We've adopted Johnny Rotten the desert scorpion, Syd Vicious the bird eating spider, Barry the barramundi and his tropical mates, a terrific trio of clown fish, Princess Cocoa the feral dog-chasing cat, Howie the hairy ****zu and our pride and joys, Nancy the spotted python (2ft), Jade the bredli (5ft) and the newest edition Cocoa (soon to be renamed because of the cat!) the coastal carpet (6ft).


----------



## kirstys (May 23, 2008)

we have 8 pythons / 2 dragons / frogs / rats and my beautiful 2 alaskan malamutes


----------



## Jewly (May 23, 2008)

I have 2 pygmy bearded dragons named Charlie and Harry, 1 children's python named Kiandra, 1 cat named Oscar, and an assortment of crickets who have managed to make the great escape cause I'm so bad at catching crickets...haha


----------



## Ned_fisch (May 23, 2008)

2 dogs, 2snakes, 2 birds.


----------



## itbites (May 23, 2008)

*I'm currently sharing my home with 2 chihuahua's 1 rotty x ridgeback 1 woma 1 fresh water croc 2 frilly's 15 bearded dragons 3 gipsland water dragons 1 eastern water dragon 2 angle headed dragons 1 thick tail gecko 2 eastern rosella's green and golden bell frogs!

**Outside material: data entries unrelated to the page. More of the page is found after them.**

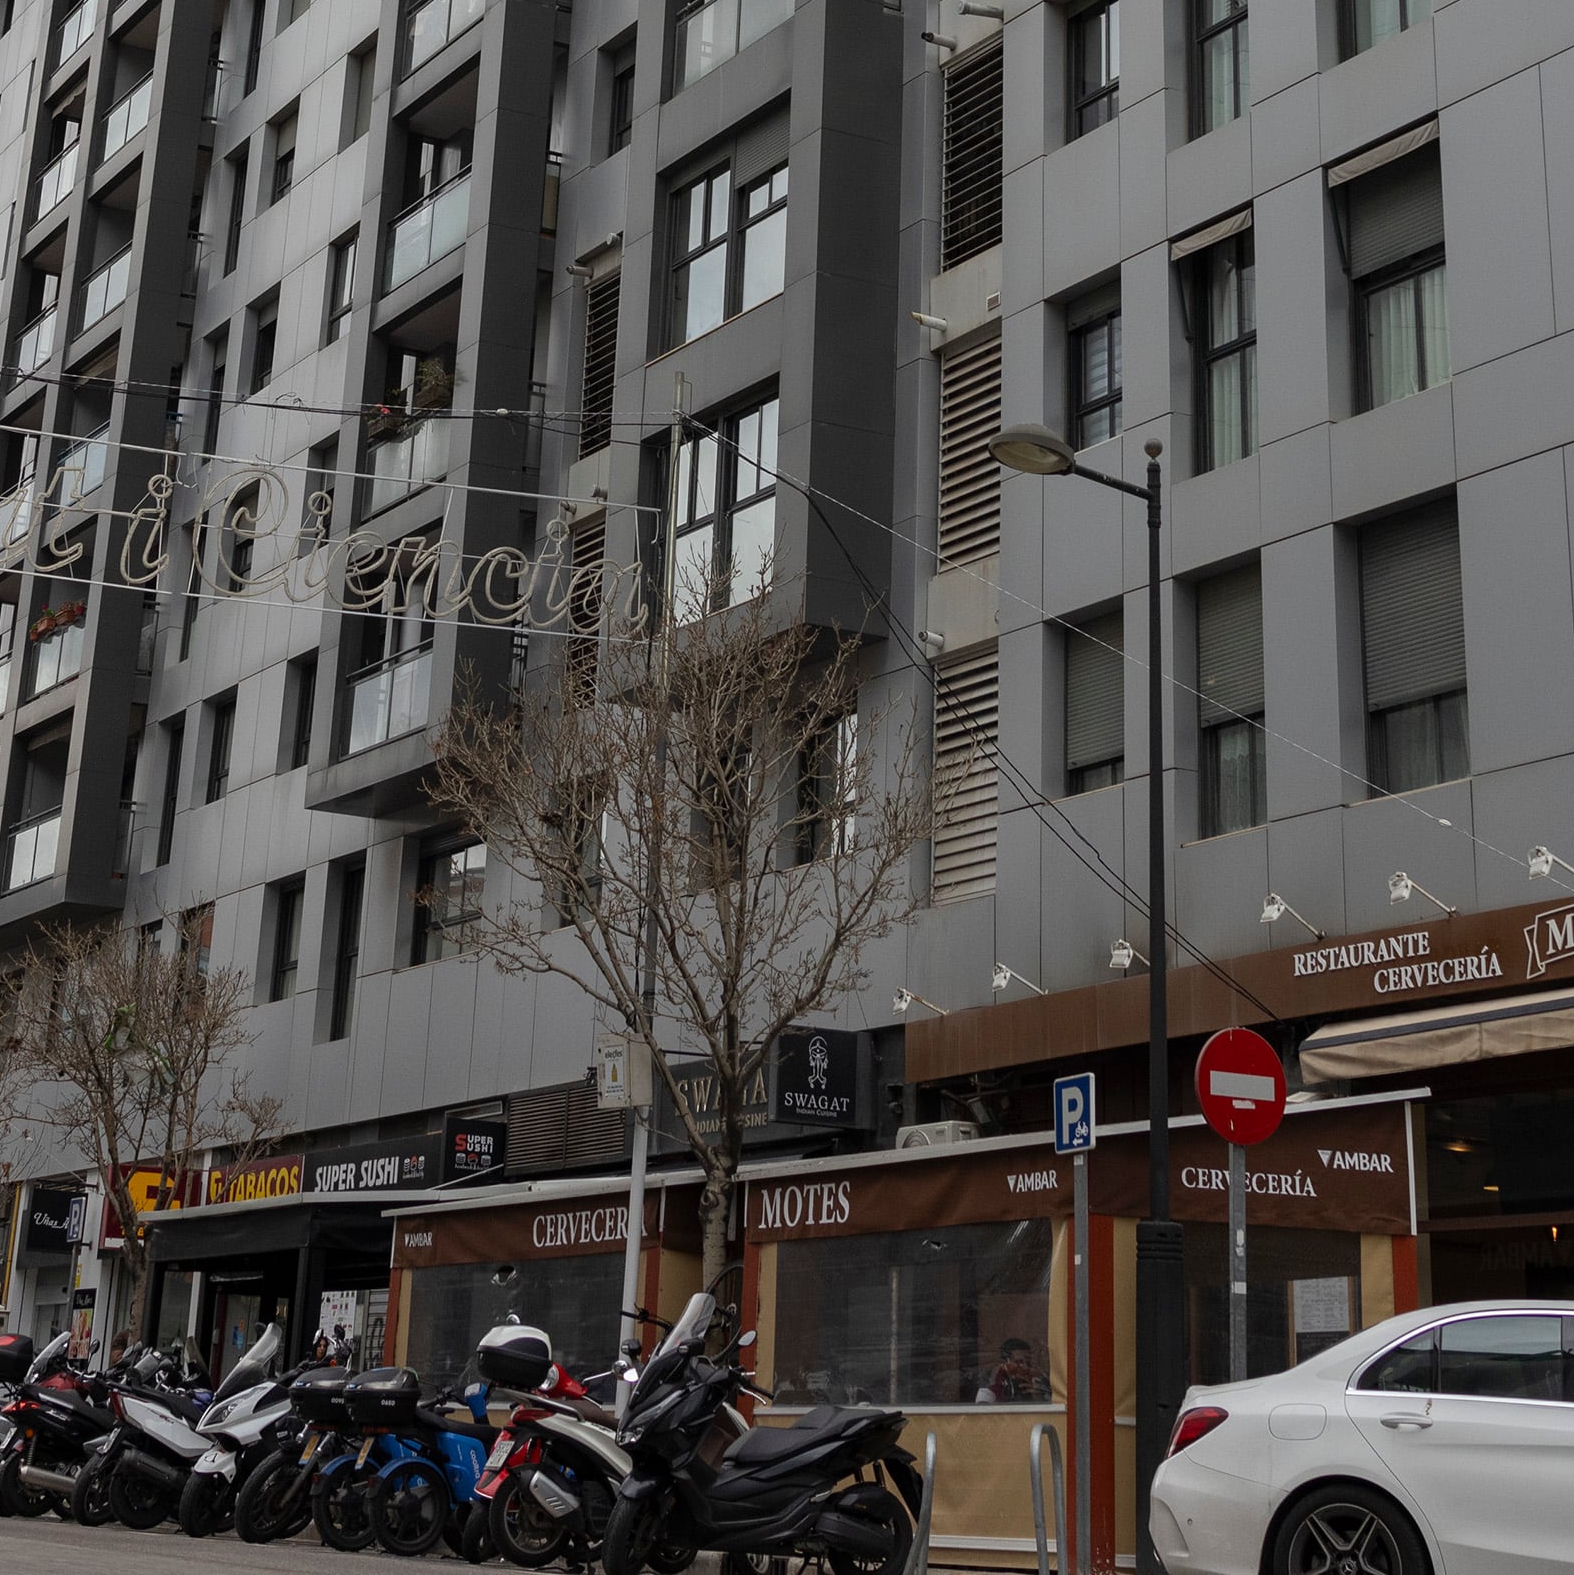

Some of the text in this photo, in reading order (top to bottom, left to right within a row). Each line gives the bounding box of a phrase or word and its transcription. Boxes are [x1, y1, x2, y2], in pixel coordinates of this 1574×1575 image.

[1292, 930, 1431, 978] RESTAURANTE
[1372, 945, 1504, 994] CERVECERÍA
[784, 1091, 850, 1112] SWAGAT
[1061, 1086, 1085, 1146] P
[313, 1156, 400, 1193] SUPER SUSHI
[1333, 1150, 1395, 1174] AMBAR
[228, 1165, 300, 1203] TABACOS
[1016, 1169, 1059, 1194] AMBAR
[758, 1181, 851, 1229] MOTES
[409, 1232, 433, 1248] AMBAR
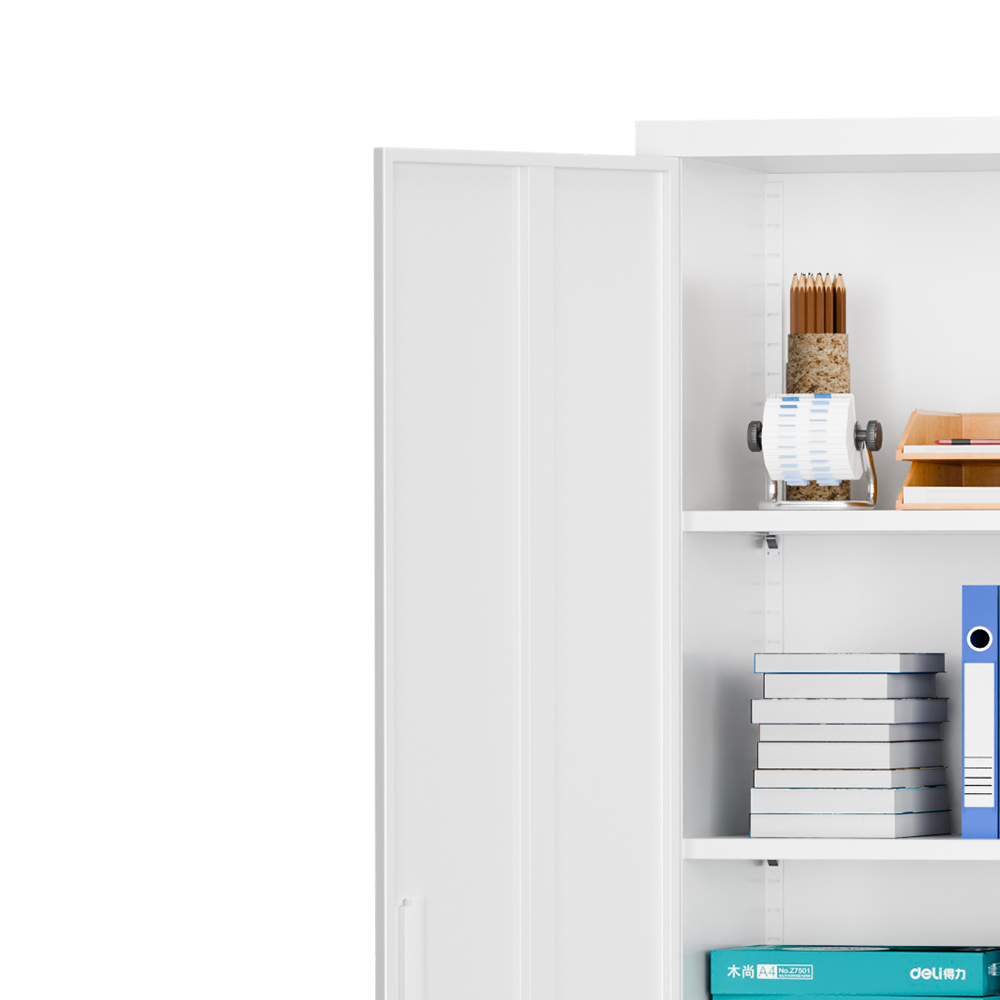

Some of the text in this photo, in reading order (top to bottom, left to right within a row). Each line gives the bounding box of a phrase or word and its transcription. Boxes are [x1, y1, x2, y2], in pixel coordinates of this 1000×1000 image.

[727, 964, 754, 979] 木尚
[758, 966, 776, 978] A4
[910, 967, 966, 980] deli得力
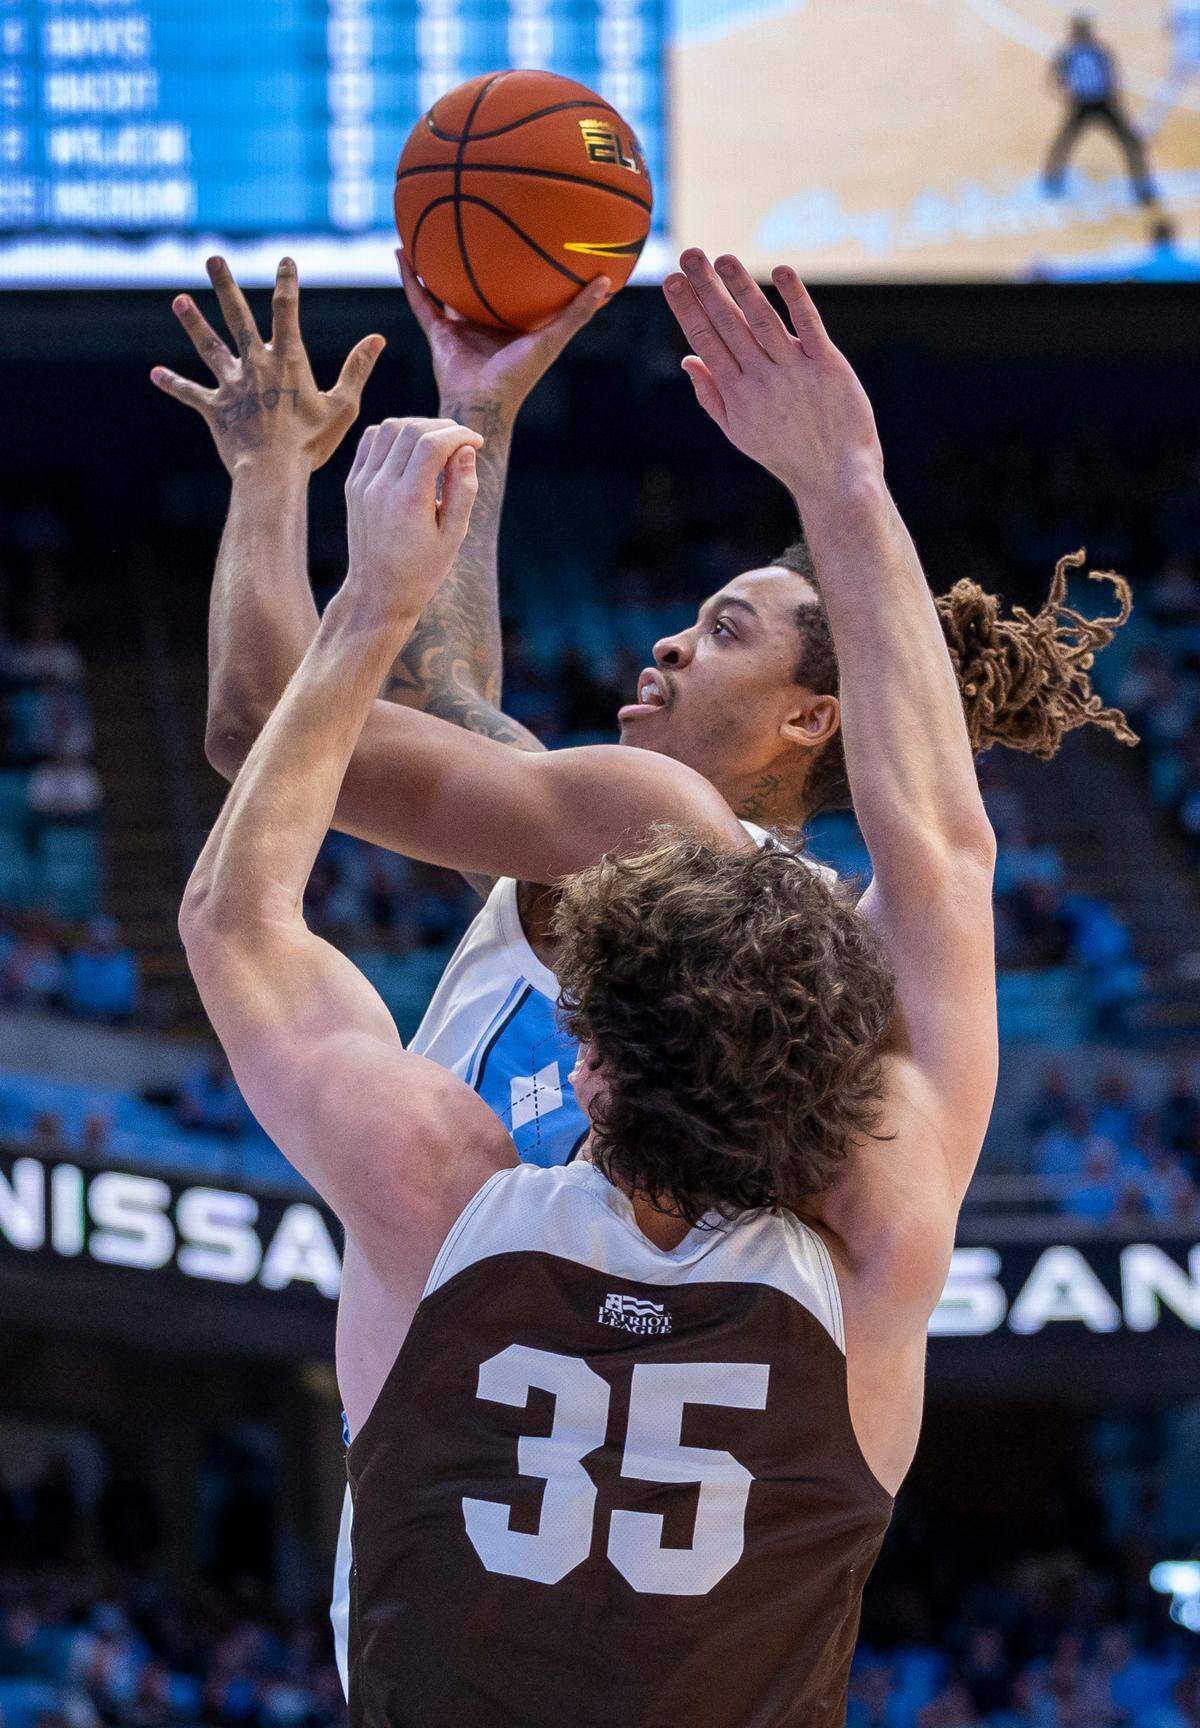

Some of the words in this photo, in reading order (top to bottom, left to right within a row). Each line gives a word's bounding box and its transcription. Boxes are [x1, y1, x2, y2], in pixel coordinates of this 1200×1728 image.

[598, 1315, 672, 1335] LEAGUE
[599, 1306, 672, 1327] PATRIOT
[462, 1344, 770, 1595] 35

Getting 3more woma's in a couple of weeks .... *


----------



## Ishah (May 23, 2008)

5 Snakes, 2 lizards, 3 dogs, 5 ducks, 3 fish, use to have heaps of rats and mice...but err...who knows where they are now! LOL! Use to have a horse too...but he got bit by a snake and died:cry:


----------



## Thekid (May 23, 2008)

1xRubber snake


----------



## misssullivan (May 23, 2008)

i have..... 1 horse QHx gelding, 1dog blueheeler-bullterrier x with god knows what female, 7 x breed chooks 6 f 1m, 2 magpies unknown, 5coloured sheep 1m 4 f 9 white sheep 4m 5f, pond full of fish, and coming soon.... spotted python. : )


----------



## Thekid (May 23, 2008)

some people here must own a zoo


----------



## Nik (May 23, 2008)

We have 2 turtles, 2 bearded dragons, 1 gecko, 2 cockatiels, 1 goldfish, 1 clown fish, 3 starfish and a puppy due to arrive in 16 days


----------



## ogg666 (May 23, 2008)

I've got olive python,diamond python,2 inland beardies,desert scorpions,bird eating spider,german shepherd and a birman (inside cat) ......& black headed python will be coming soon......


----------



## Fireflyshuffle (May 23, 2008)

Two blonde macs, a stimson, two bredlis,pygmy bearded dragon,two marbled velvet geckos, two short neck turtles, two long neck turtles, two australian shepherds, two ragdolls, two ferrets and a lamb.. And thats it


----------



## missllama (May 23, 2008)

a gorilla


----------



## euphorion (May 23, 2008)

boa said:


> Well my pet hate is spelling words like please PLZ and what WAT.


 
Don't get me started Boa :lol:

Well the family so far is...
2 Shetland Sheepdogs
2 PET Fancy mice (oh yes, i know, stupid me!)
1 princess *courgh* BRAT *cough* of a cockatiel :?
11 Betta Splendens - when not breeding
2 Bristlenosed Catfish - breeding pair
1 Ghost Knife, Gouramis, RTB Shark, Golden Apple Snail
many loaches, guppies, tetras, fantails and baby bristlenose

now for the interesting ones  ...

3 Macs, 1 blonde - such darlings 
2 Bredls, pair - my little demons 

... If only the boyfriend was as easy to train as the rest :lol:


----------



## Armand (May 23, 2008)

1 central bearded dragon, 1 spotted python, 1 blackheaded python, 2 diamond pythons, 1 multize ****-zu, 1 annoying younger sister and i cant leave out the 100 frozen rats in the freezer!


----------



## itbites (May 23, 2008)

*lolz @ gorilla, Oh and I forgot the 40 chickens and 25 rats...............................................in ma freezer  *


----------



## itbites (May 23, 2008)

*Bahaha Armand your sis is your pet? :shock: *


----------



## Noongato (May 23, 2008)

2 dogs
9 birds
1 galah
12 fish
1 shingleback
1 BHP
2 Stick bugs
2 hermit crabs (one missing in house)
40 or so mice
1 pet rat, 20 frozen
1000 baby yabbies
1 blue maron yabbie

Not much at the moment...


----------



## rmcneill (May 23, 2008)

itbites - are you in the western subs?


----------



## krissy78 (May 23, 2008)

reptiles: eastern water dragons, pythons
bird: sulphur crested cockatoo
cat: average moggy
dogs: rhodesian ridge back x belgian shepherd and german shepherd (pure bred yes have papers)


----------



## W.T.BUY (May 23, 2008)

See My Sig. Plus Crap Loads Of Marine Fish/coral


----------



## nat0810 (May 23, 2008)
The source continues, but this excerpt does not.